27 Ottobre 2011 alle 11:00

Non c’è che dire i contenuti sono molto forti. Tutti o quasi i nodi fondamentali della difficoltà Italiana sono affrontati. Onorare questi impegni, che sono apprezzati e attesi dall’Europa, credo sia il salvacondotto del governo per portare a termine la legislatura. Vi sono date entro le quali l’Italia s’impegna a tradurre in realtà il progetto contenuto nella missiva, che è cosa di non poco conto. Se per qualunque motivo non dovesse riuscire nell’intento, la patata bollente passerebbe ad altri. Nessun governo di centro sinistra potrebbe intervenire, ad esempio, nella pubblica amministrazione o nelle normative sul lavoro, con conseguenze disastrose sul piano dei rapporti con L’Europa. Le attese di Brusselles riguardano l’Italia, di Berlusconi o di Bersani, come un marchio e un onere per chiunque. Una lettera scarlatta, appunto.
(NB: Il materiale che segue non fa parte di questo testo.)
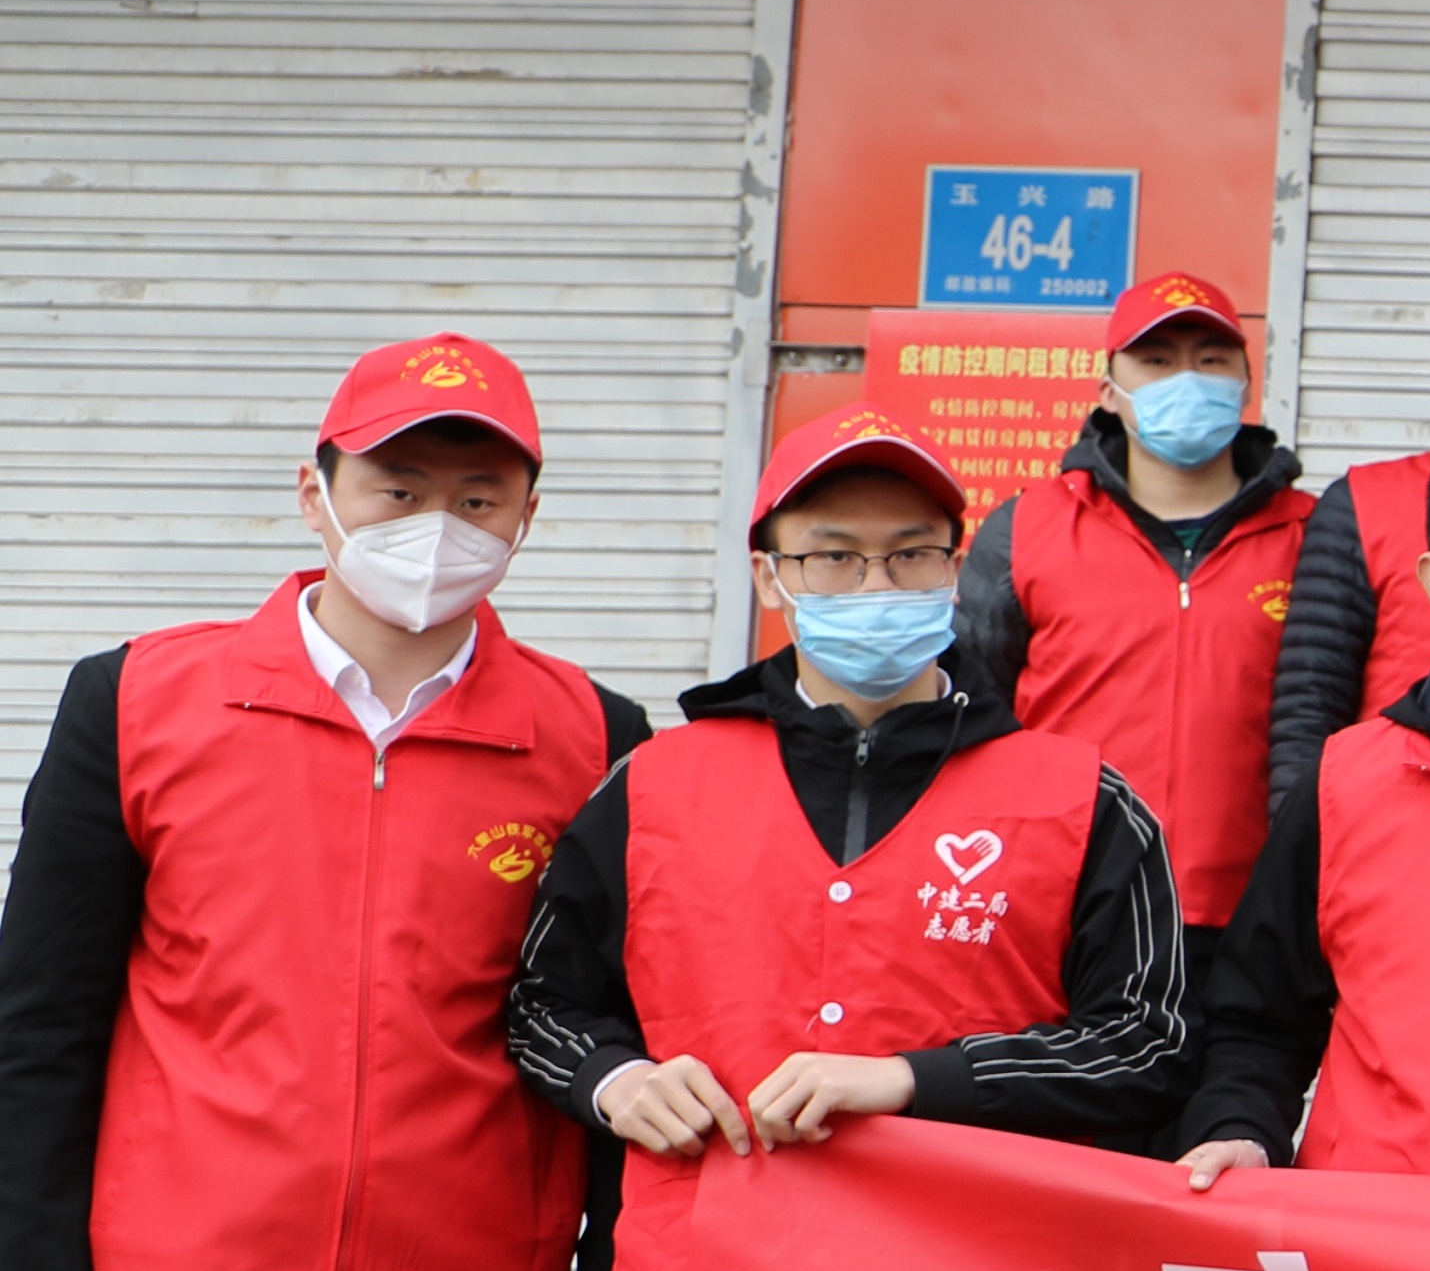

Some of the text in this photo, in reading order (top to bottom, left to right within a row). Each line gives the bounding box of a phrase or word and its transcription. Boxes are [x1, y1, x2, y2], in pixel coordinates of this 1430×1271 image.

A mio parere pur di non andare ad elezioni o governi tecnici, all’occorrenza diversi franchi tiratori, da sinistra, garantiranno la tenuta dell’esecutivo. La piazza sarà altra cosa, come i talk show, ma anche in questo caso le posizioni del PD dovranno essere molto attente, poiché restare con la Camusso e gli indignati significherà essere contro l’Europa: un controsenso. Ritirasi sull’Aventino, auto escludendosi dal salvataggio dell’Italia e dell’euro, potrebbe significare sconfitta elettorale. Eccellente lavoro Signor Presidente del Consiglio. Ormai consideravo la legislatura perduta e inconcludente. Ora c’è nuova speranza.